世の中の男子たちから人気を集めている大学生モデルの今宮美玲その人だった。
「.......今宮美...玲っ。」
「.......あちゃー、バレたか。」
「完璧な変装だと思ってたのにな。」
天使のような笑顔で微笑んだ。
「えっ?」
ほんとにどういう事だ?
.......本当に?
.......確か結乃ファンって言ってたよな。
「あっあの、さサインを.......。」
自分でも声の大きさに驚いてしまった。
「しーっ、お忍びで来てるんだから。とりあえずそこのカフェに入ろ。」
人気モデルに手を引かれながら僕はカフェに入っていった。
「でさ、さっきの続きなんだけど。」
「はい...... 。」
今宮美玲とお茶しちゃってる。
ぼ、俺は明日死ぬのか.......?
きっとそうだ。
その前にファンに殺されないよね......。
そんなことを考えながら、俺は次の彼女の言葉を待った。
「単刀直入に言うね。君、読者モデルに興味ある。
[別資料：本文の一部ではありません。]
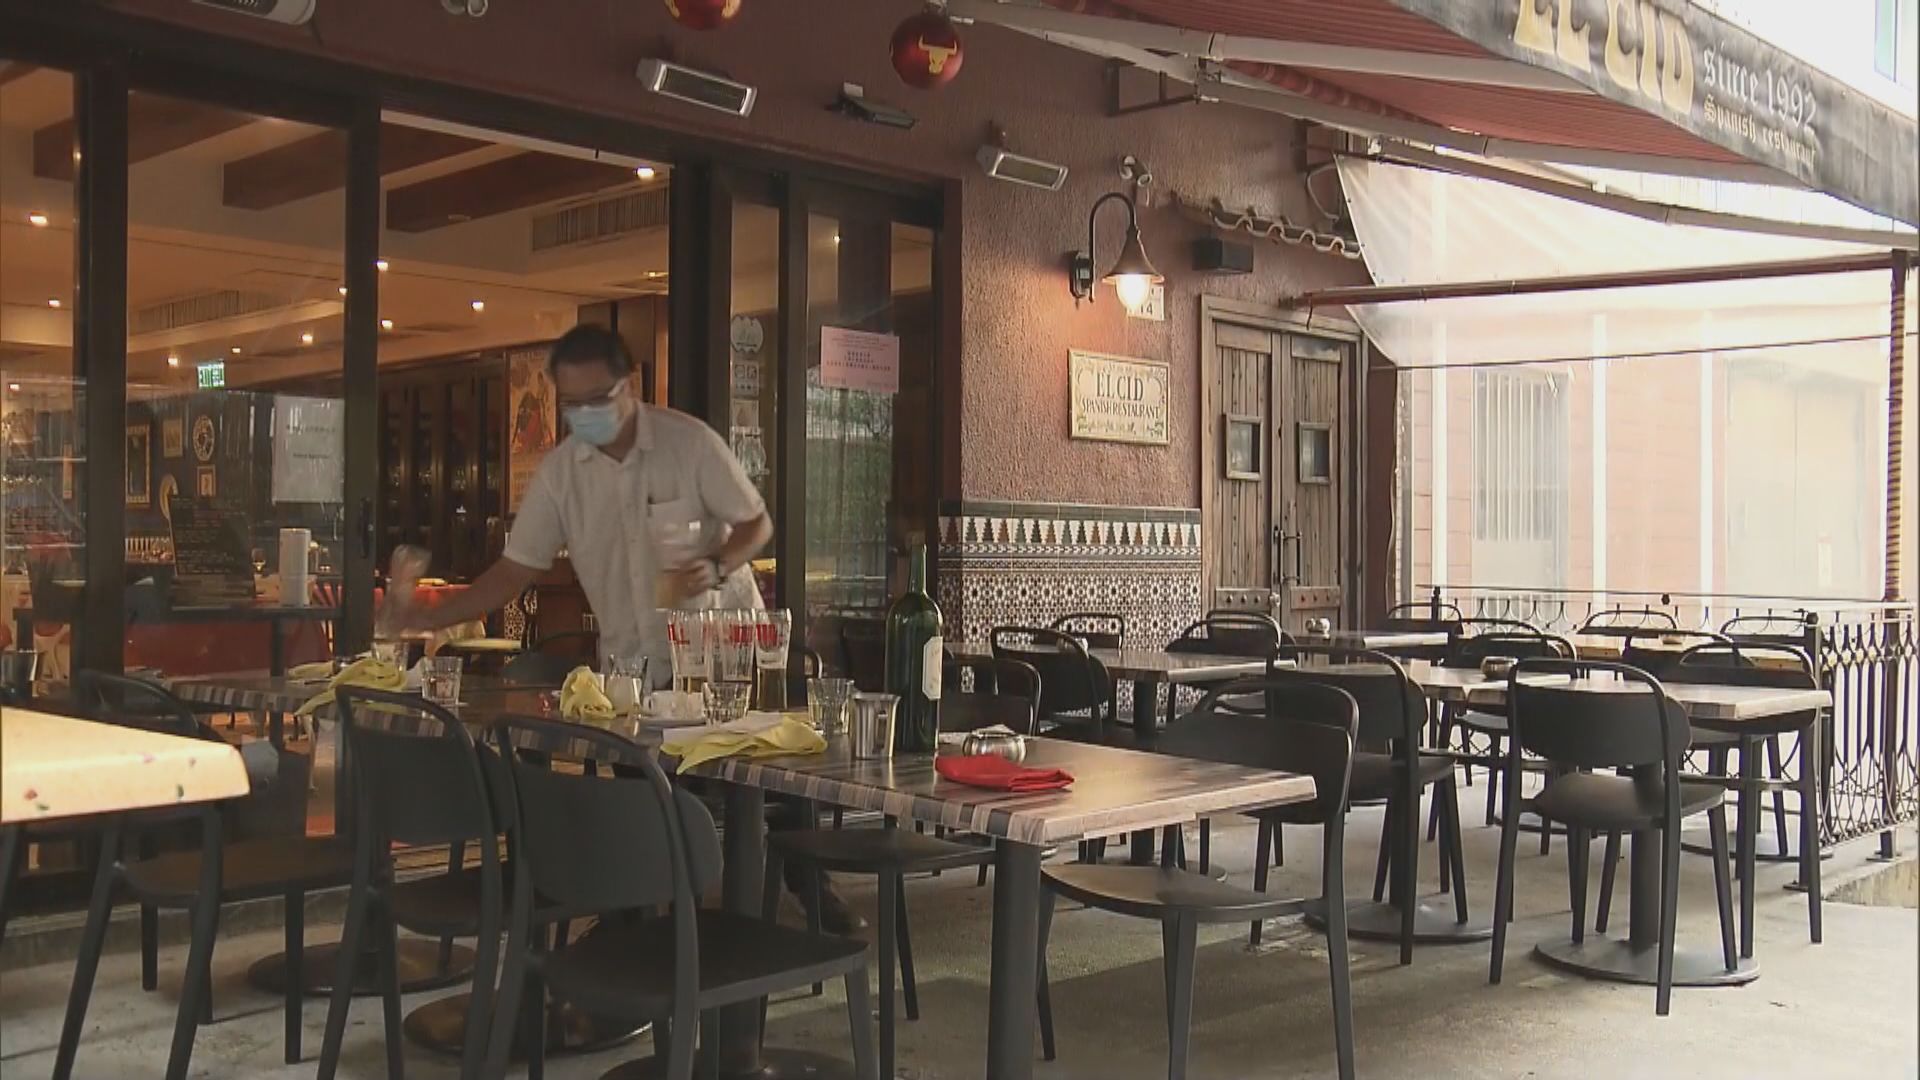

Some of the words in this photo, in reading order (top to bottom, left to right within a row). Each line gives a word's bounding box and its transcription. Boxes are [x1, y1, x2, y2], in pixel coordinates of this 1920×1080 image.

[1605, 0, 1694, 115] CID
[1703, 93, 1756, 143] Spanish
[1766, 68, 1818, 136] 1992
[1096, 372, 1115, 399] EL
[1116, 376, 1144, 401] CID
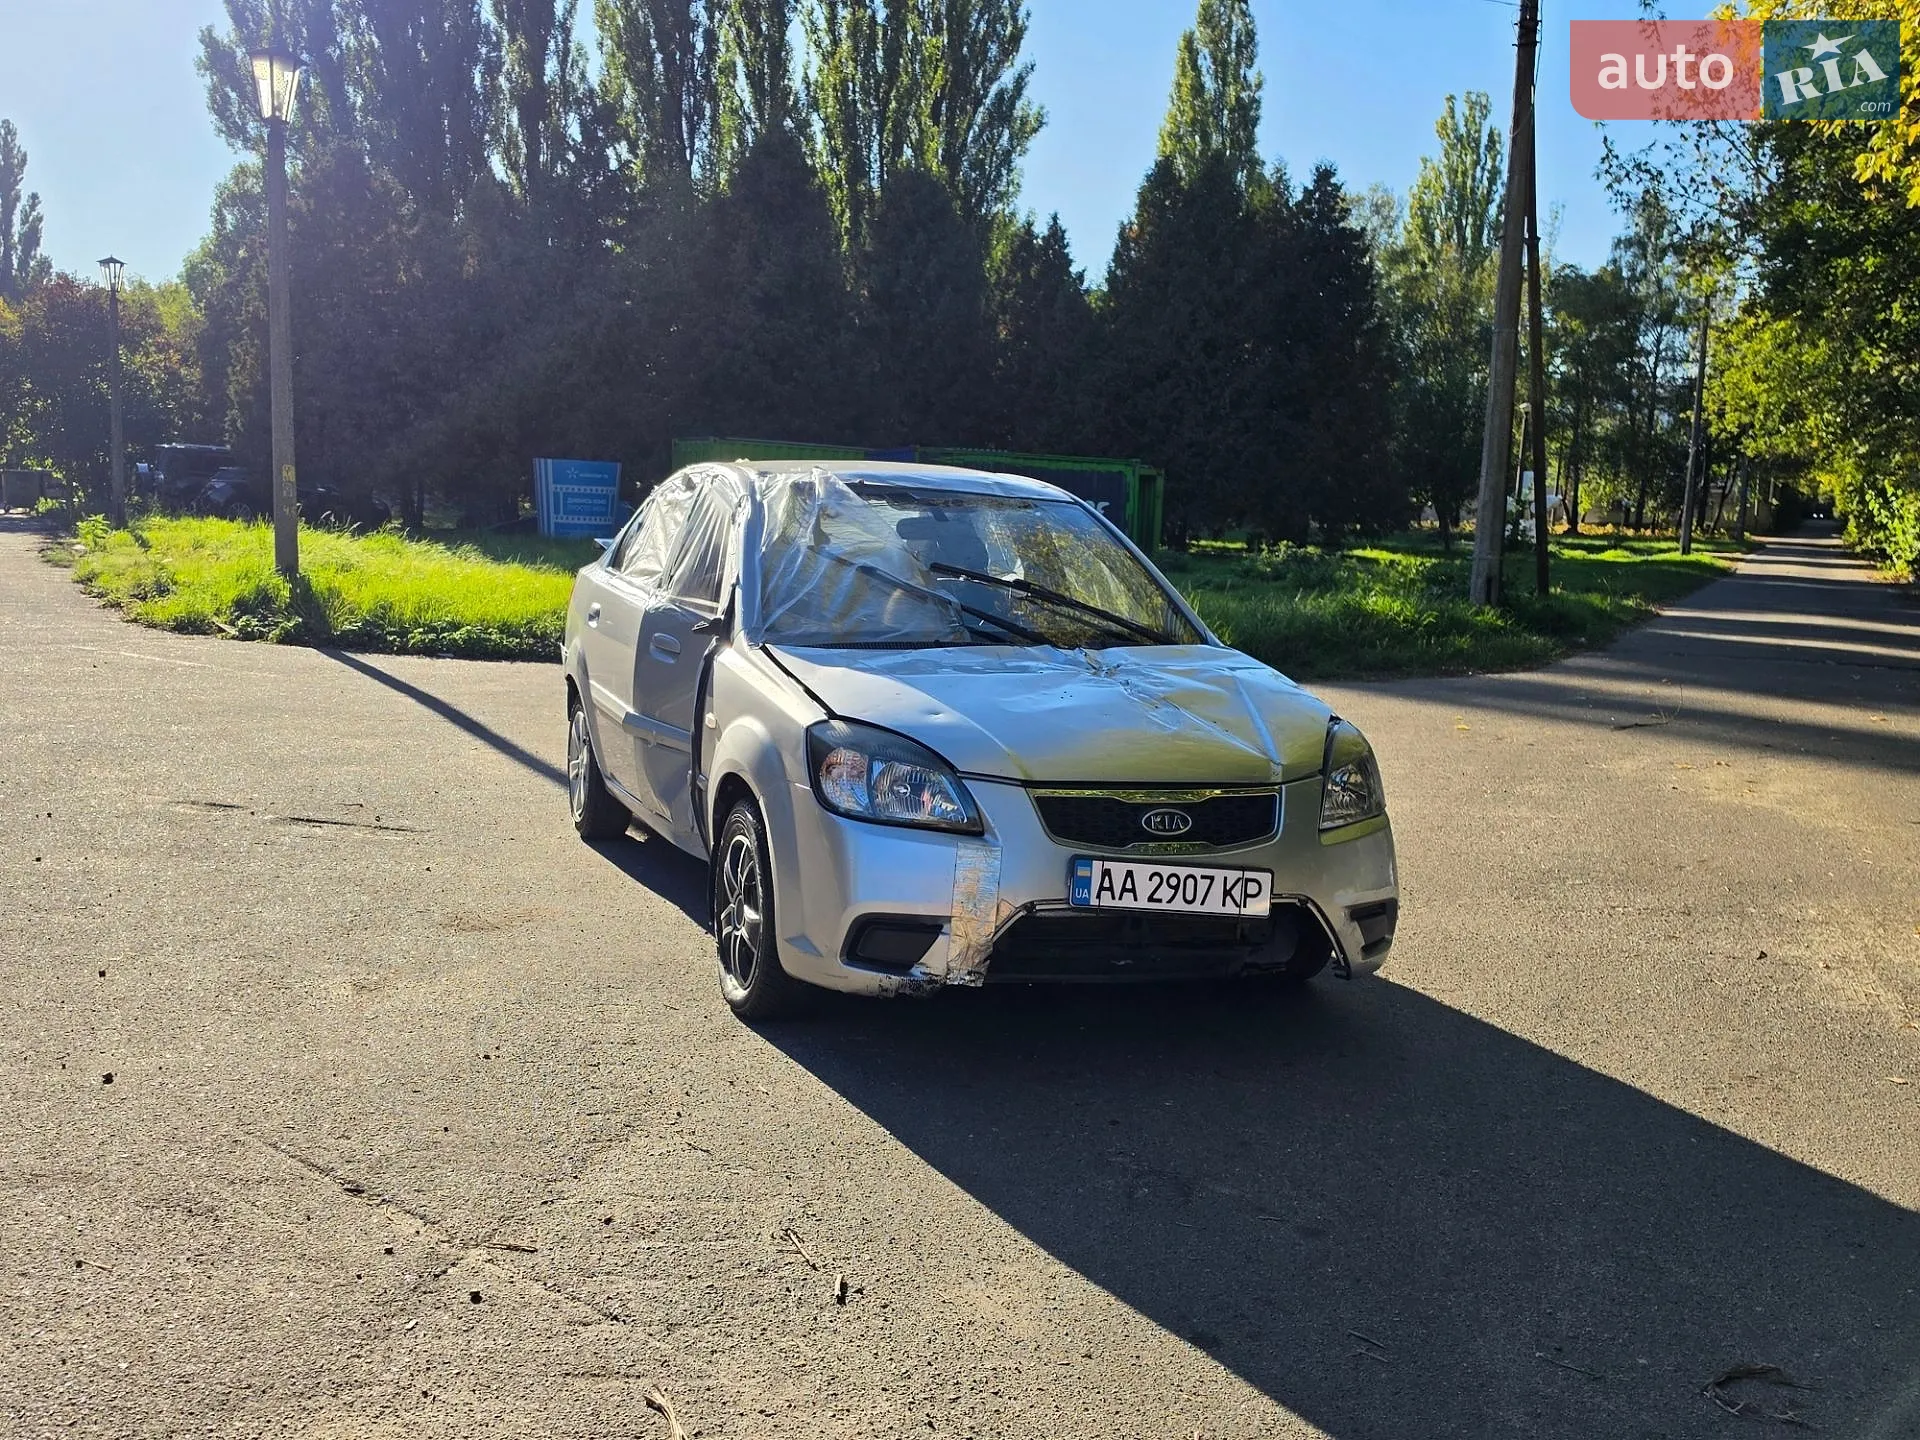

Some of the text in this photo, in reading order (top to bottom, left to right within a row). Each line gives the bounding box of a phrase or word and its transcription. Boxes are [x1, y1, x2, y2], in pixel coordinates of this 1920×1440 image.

[1150, 815, 1186, 830] KIA
[1075, 887, 1089, 899] UA
[1096, 868, 1262, 909] AA 2907 KP
」
「えっ.......?」
読者モデル?この人は何を考えてるんだ。
.......お世辞にもかっこいいとはいえないのに。
「で...でも前髪を切るつもりは。」
「前髪はそのままでいいよ。スタイリストさん達が、オールバックとか分けたりとかしてくれるし。」
この人は俺の顔を見ていないからそんなことを言えるのだと思った。
「で......でも」
「大丈夫。私、見る目はある方だと思うんだよね。」
彼女は自信に満ち溢れてる。そんな感じがした。
「強制ではないから、もし気になったらここに来てね。」
彼女は会社の住所が入った封筒を渡すと、直ぐに帰ってしまった。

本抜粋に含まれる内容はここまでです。